Desde sus primeras grabaciones quedó claro que Amy no era una cantante pop convencional. Su voz grave, áspera y profundamente emocional remitía a las grandes divas del soul y el jazz como Billie Holiday, Sarah Vaughan o Dinah Washington. Supo rescatar ese sonido clásico para combinarlo con una sensibilidad contemporánea, logrando un estilo absolutamente personal. No necesitaba grandes puestas en escena para emocionar: bastaban unas pocas notas para transmitir vulnerabilidad, ironía, pasión o dolor.

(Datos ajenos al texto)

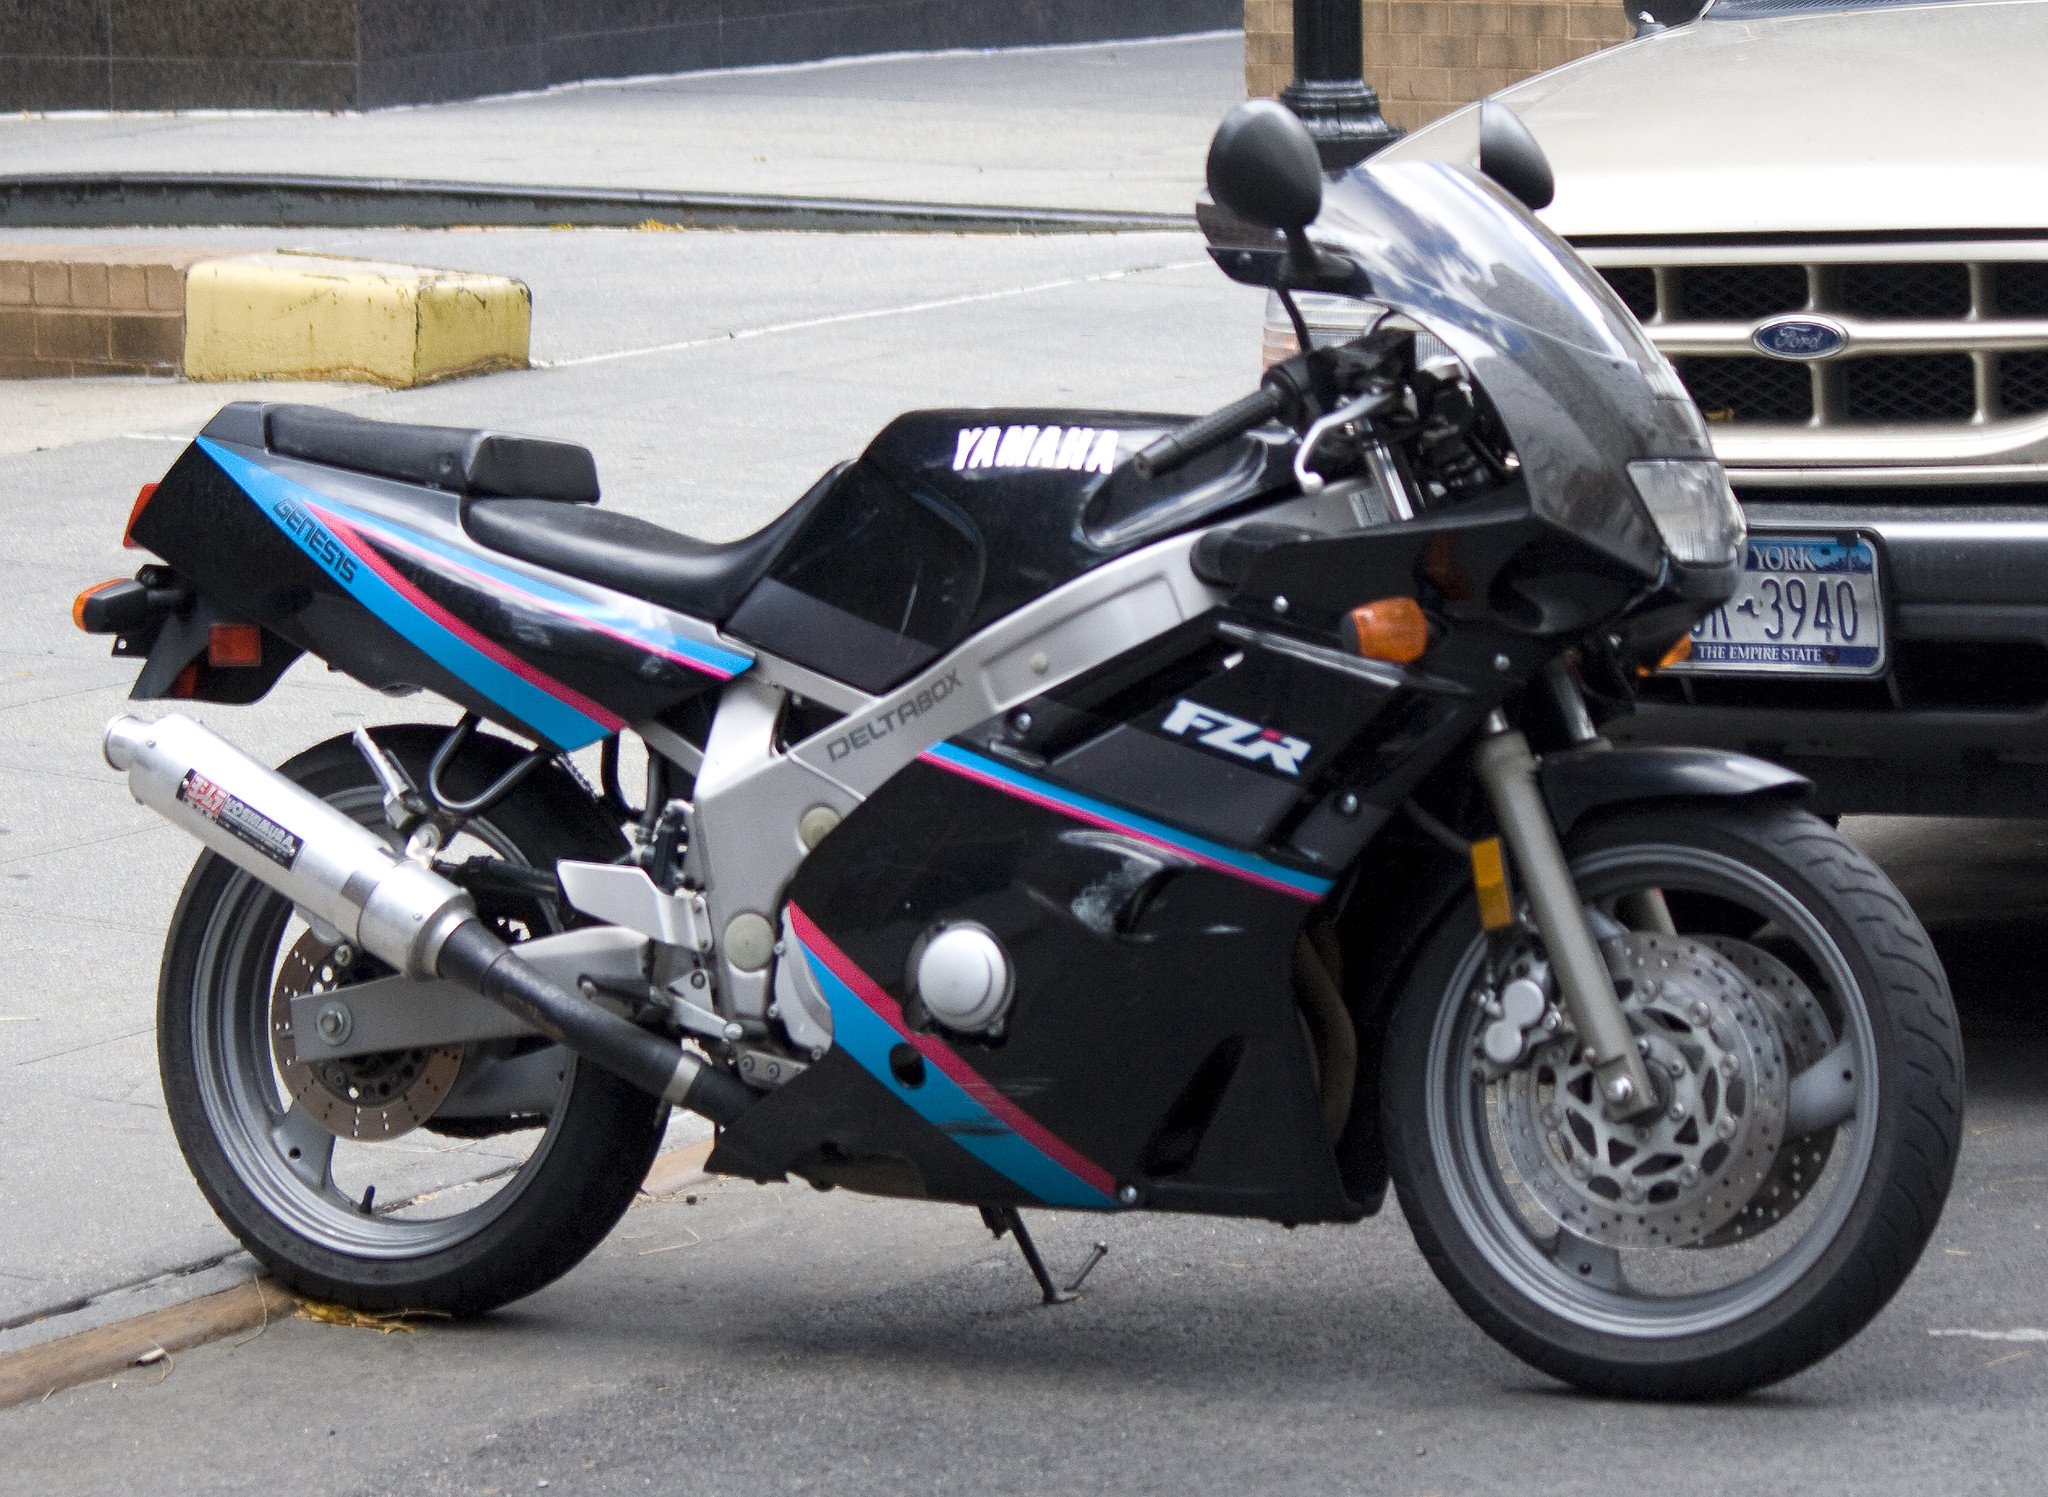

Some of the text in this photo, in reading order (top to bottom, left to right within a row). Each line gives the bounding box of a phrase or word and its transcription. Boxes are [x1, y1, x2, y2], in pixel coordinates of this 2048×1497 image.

Si existe un álbum capaz de resumir su enorme talento, ese es Back to Black (2006). Producido por Mark Ronson y Salaam Remi, el disco mezcló soul, rhythm & blues, Motown y jazz con letras profundamente personales, dando origen a uno de los álbumes más importantes del siglo XXI.
Cada vez que volvemos a escuchar Rehab, You Know I’m No Good, Back to Black, Love Is a Losing Game, Tears Dry on Their Own o Me & Mr Jones, aparece la misma sensación: la de estar frente a un disco que nunca envejece. No hay artificios ni tendencias pasajeras. Solo canciones brillantes interpretadas con una honestidad desarmante y una voz que sigue conmoviendo por esa mezcla de fuerza y fragilidad que convirtió a Amy Winehouse en una de las artistas más influyentes de este siglo.

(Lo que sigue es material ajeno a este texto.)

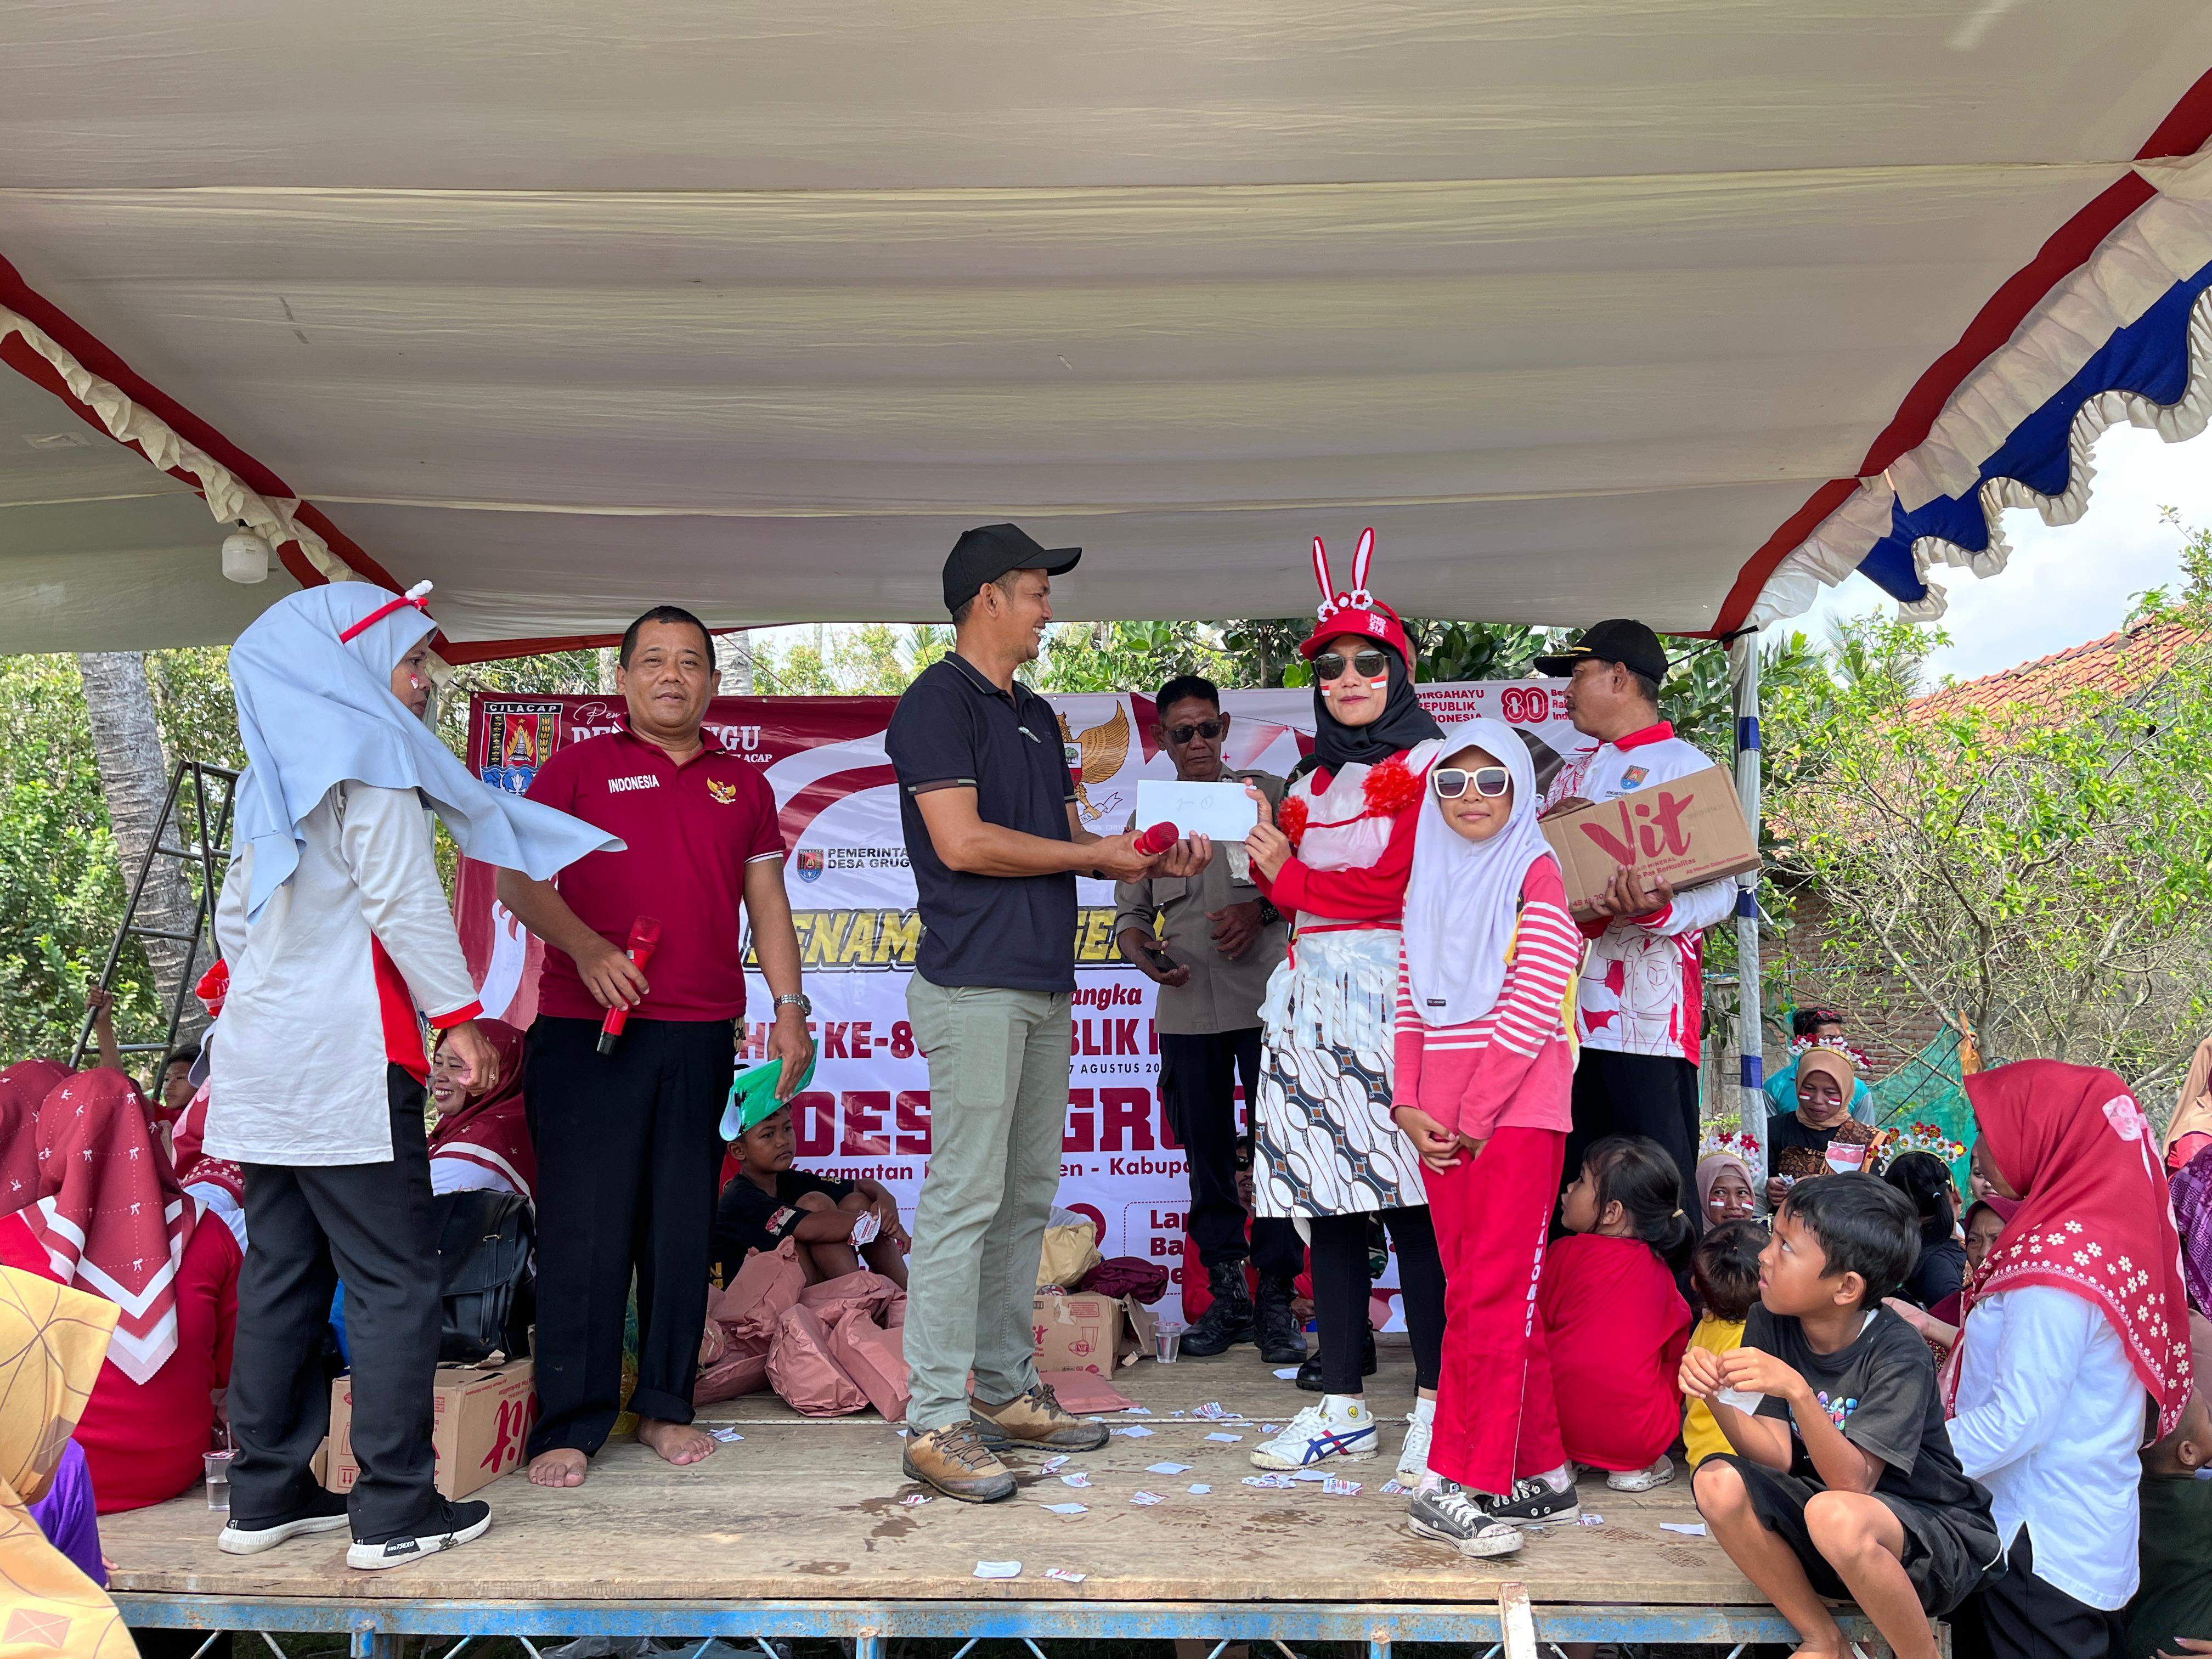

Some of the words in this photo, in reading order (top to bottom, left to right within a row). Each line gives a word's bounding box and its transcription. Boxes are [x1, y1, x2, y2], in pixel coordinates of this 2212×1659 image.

[489, 704, 557, 713] CILACAP
[1501, 687, 1549, 724] 80
[608, 774, 660, 793] INDONESIA
[1081, 814, 1092, 822] IKA
[1579, 792, 1694, 866] Vit
[828, 848, 909, 858] PEMERINTA
[828, 859, 865, 869] DESA
[869, 858, 910, 868] GRUG
[1647, 857, 1676, 868] MINERAL
[1656, 858, 1696, 874] Berkualitas
[1070, 983, 1142, 1011] angka
[825, 1020, 929, 1059] KE-8
[1081, 1063, 1139, 1074] AGUSTUS
[1146, 1063, 1160, 1073] 20
[790, 1090, 932, 1157] DES
[480, 1392, 536, 1474] Vit

El alcance de su música fue tan grande que incluso The Rolling Stones rindieron homenaje a su talento. En 2007, durante la gira A Bigger Bang, Mick Jagger y compañía interpretaron «You Know I’m No Good» junto a Amy Winehouse en el escenario de la O2 Arena de Londres. La actuación reunió a una de las bandas más importantes de la historia del rock con una de las voces más extraordinarias de su generación y quedó como uno de los momentos más memorables de su carrera. Fue también una muestra del enorme respeto que despertaba entre músicos consagrados.
Aunque durante años su historia estuvo marcada por los titulares sobre sus adicciones, los excesos y el acoso constante de la prensa, el tiempo terminó poniendo las cosas en su lugar. Hoy se habla mucho menos de su final y mucho más de sus canciones. Su legado artístico logró imponerse sobre el sensacionalismo.
Amy Winehouse dejó apenas dos discos de estudio, Frank (2003) y Back to Black (2006), pero esa breve discografía fue suficiente para convertirla en una figura fundamental de la música contemporánea. En 2008 hizo historia al ganar cinco premios Grammy en una sola noche, incluyendo Mejor Artista Nuevo, Canción del Año por Rehab y Mejor Álbum Vocal Pop por Back to Black. Su influencia puede escucharse en artistas como Adele, Sam Smith, Lady Gaga, Lana Del Rey, Bruno Mars, Dua Lipa y muchos otros que reconocieron la huella que dejó su manera de escribir e interpretar.
Su imagen también se volvió icónica. El peinado «beehive», el delineado negro inspirado en los años sesenta y sus tatuajes pasaron a formar parte de la cultura pop. En 2015, el documental Amy, ganador del Oscar, permitió redescubrir a la artista detrás de los titulares y abrió un profundo debate sobre la presión mediática que sufren las celebridades.
Quizás esa sea la mejor forma de recordar a Amy Winehouse: dejando de lado la tragedia para volver a sus canciones. Porque su verdadera historia está escrita en su música. Cada acorde de Back to Black, cada frase de Love Is a Losing Game o You Know I’m No Good confirma que su talento era excepcional.
Hay artistas que simplemente hacen buenas canciones. Y hay otros que consiguen dejar una obra capaz de atravesar generaciones. Amy Winehouse pertenecía a ese segundo grupo. Su carrera fue breve, pero el peso de su legado es inmenso. Mientras sus discos sigan emocionando a quienes los descubren por primera vez y acompañando a quienes vuelven a ellos una y otra vez, su voz nunca dejará de estar presente.